Workspace: Emily Lisska, Jacksonville Historical Society
Ask Emily Lisska nearly anything about Jacksonville's history, and she'll not only answer you, but she'll likely add the details and anecdotes that make the city's past even richer.
It's part of Lisska's job as executive director of the Jacksonville Historical Society to be well-informed about the city's past. But another major component of her position is as the keeper of some of Jacksonville's most treasured items – from John Peyton's racing suit for a Born to Read event to turn-of-the-century medical equipment.
"There's not one person who has looked at everything we have - it is impossible," Lisska said, who has been leading the society since 1996. "The collection continues to grow and grow."
The historical society operates out of four locations: the Old St. Andrews Church on A. Philip Randolph Boulevard, the Merrill House, which neighbors the church, the Old St. Luke's Hospital and the
Florida Casket Factory, both on Palmetto Street.
Like the items they house, each facility serves an important role in the history of the city. St. Andrews, which also is used as a venue for events such as weddings, was dedicated on Easter Sunday of 1888.
"At the time, the city was unaware that they would soon be in the throws of a yellow fever epidemic," Lisska said about the church's beginnings. "By that summer, the city would be quarantined from the world and the world from the city."
The society took over maintaining the building exactly 110 years after its original dedication. St. Andrews and the Merrill House are owned by the City. The society is about three years into a 25-year lease.

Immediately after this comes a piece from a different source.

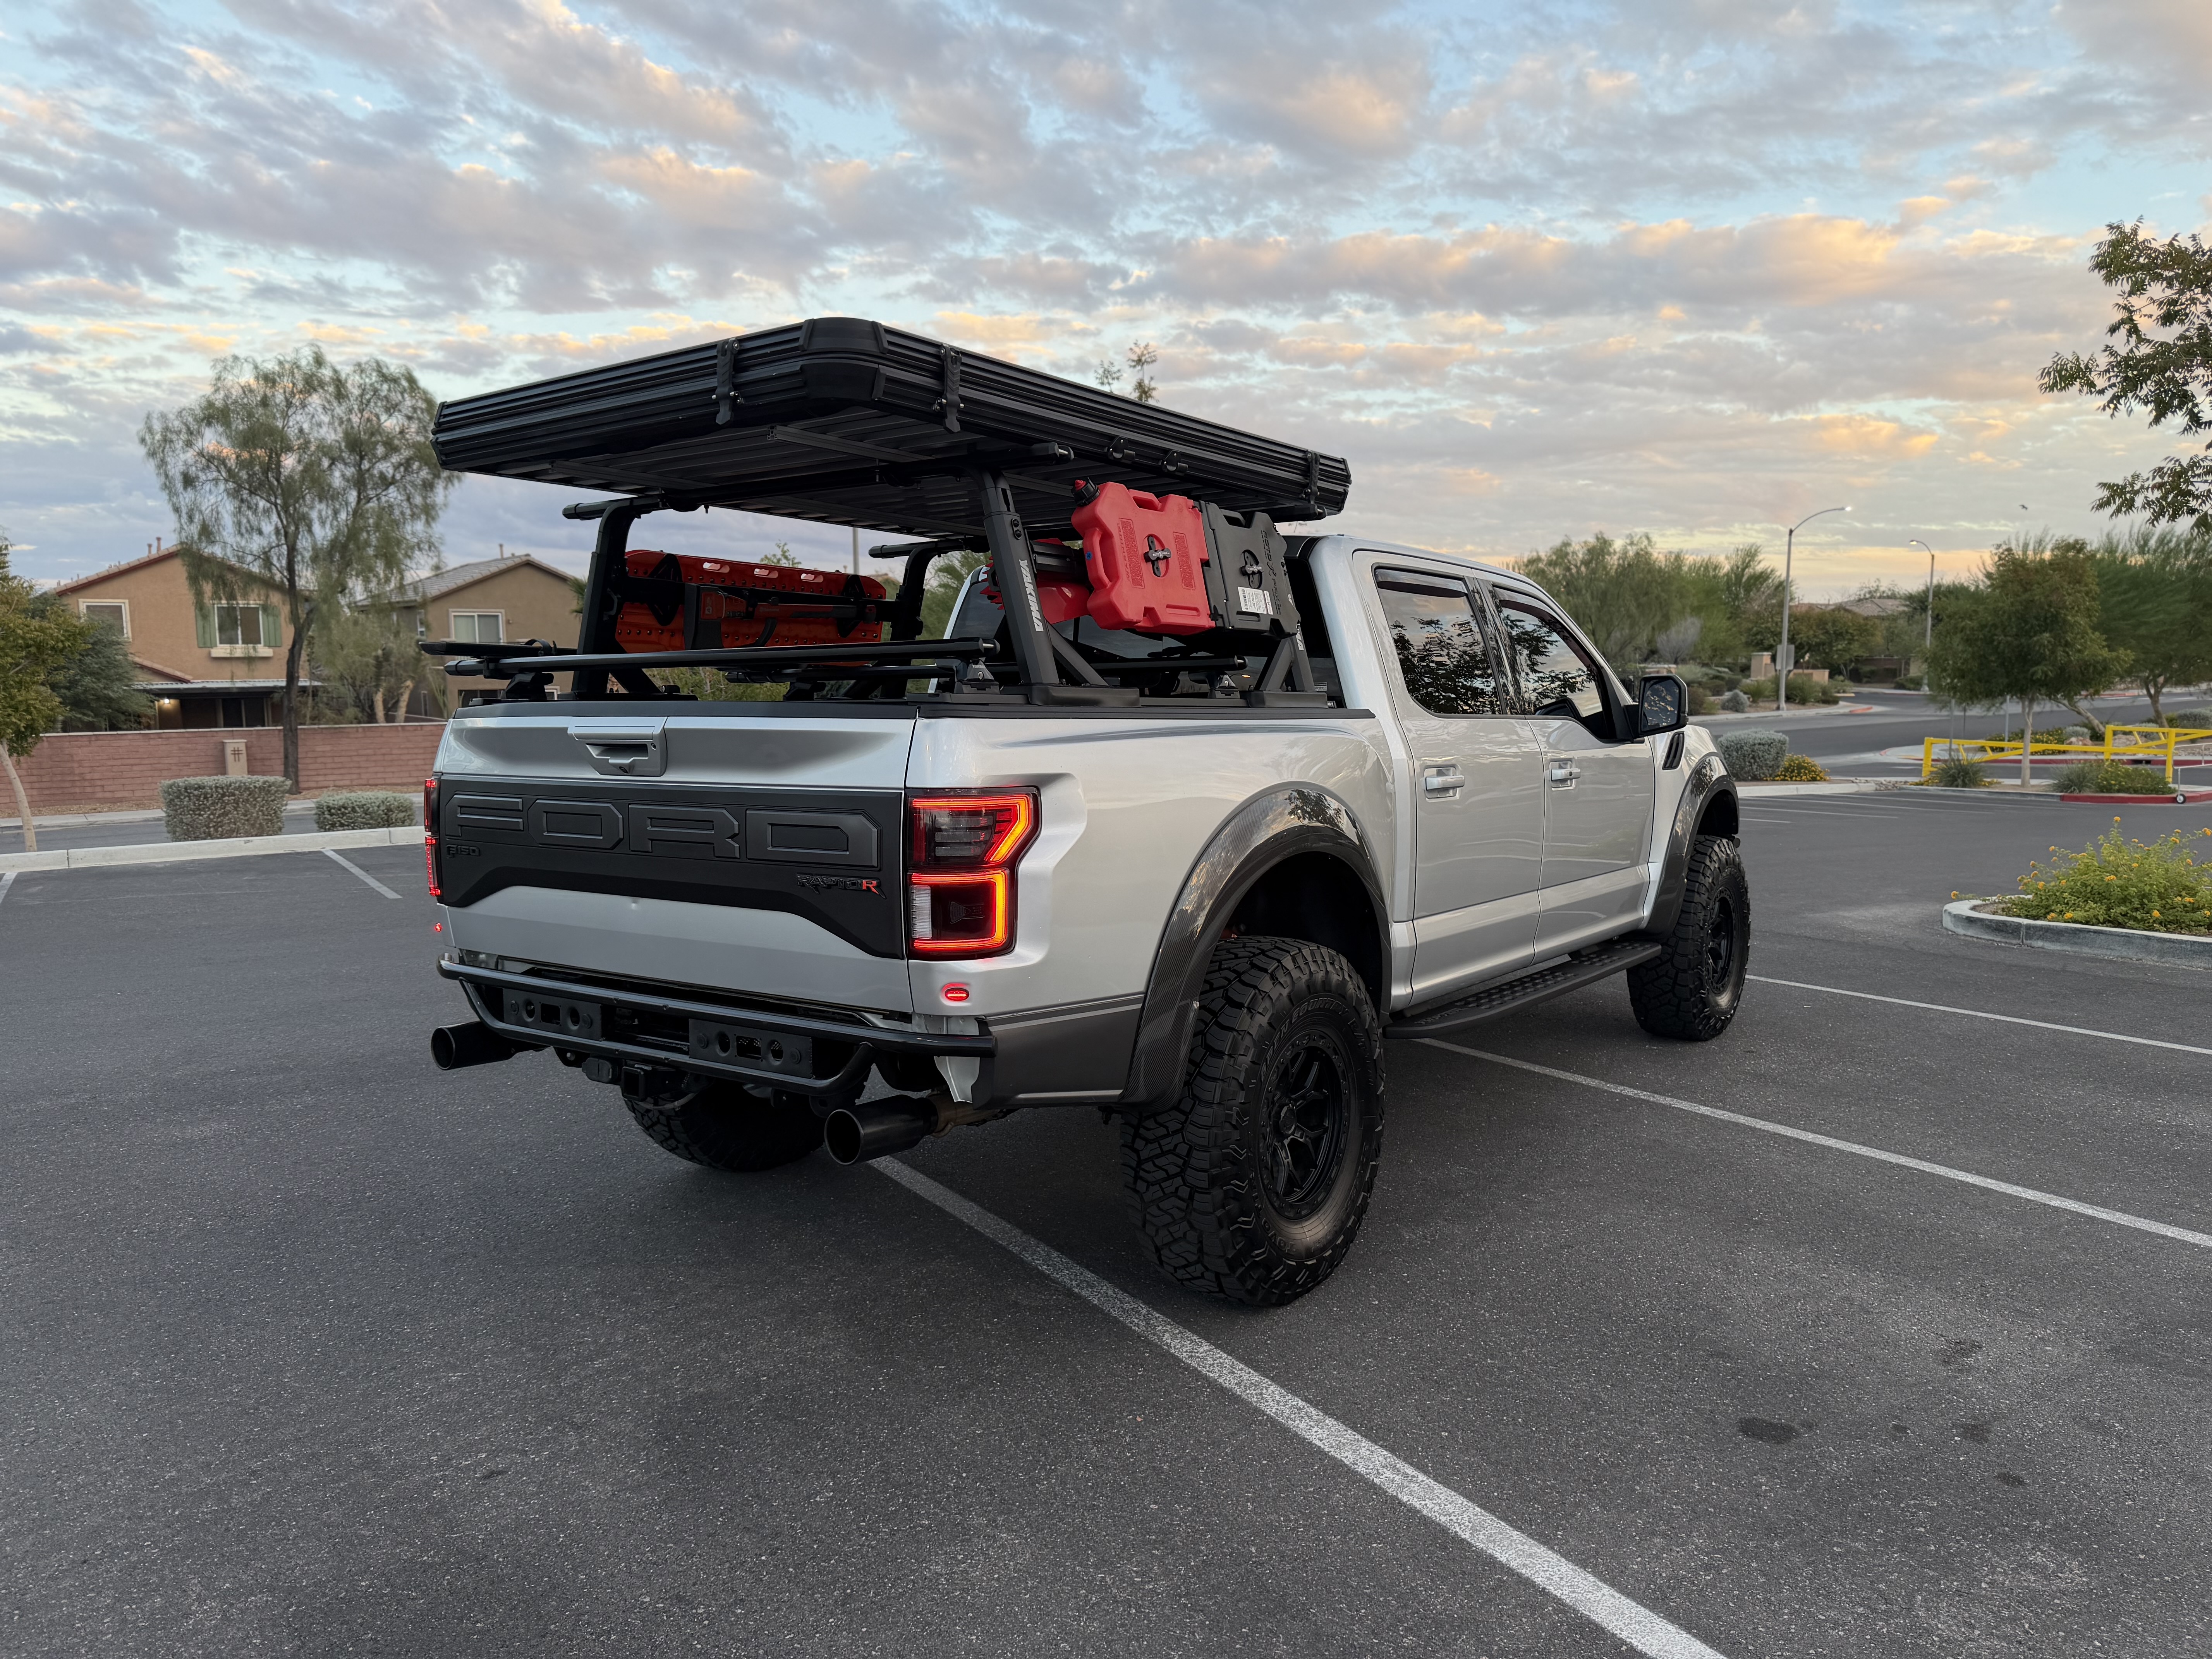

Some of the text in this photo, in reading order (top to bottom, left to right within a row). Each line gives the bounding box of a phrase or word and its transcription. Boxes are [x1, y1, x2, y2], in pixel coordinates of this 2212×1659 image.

"The church is an example of one of the buildings that was preserved," she said. "Jacksonville has lost so many to bulldozing and demolition, and this is one that got saved due to the efforts of many, many people."
Another building saved in part because of Lisska's efforts is the Merrill House, an interpretive home furnished as a family might have lived in 1903, when the city was recovering from the Great Fire of 1901. The inside is furnished with hand-carved wood furniture, antique paintings and a bear-skin rug.
However, many of Lisska's favorite items are housed in the Old St. Luke's Hospital and the neighboring Florida Casket Factory, which include photo collections, diaries, journals and mementos from some of Jacksonville's most important moments. The hospital has a room dedicated to the building's medical past and displays a nurse's journal and surgical equipment from the time. The society also acquired all of the old mortgage and deed books from the old courthouse, which are in the Florida Casket Factory building.
Although Lisska is eager to share the city's history with anyone, one request she won't grant is from television producers of ghost-hunter shows who want to see if any of the properties are haunted.
"I'm very protective of our archives," she said. "That's a little frightening for us from a standpoint of the preciousness of them."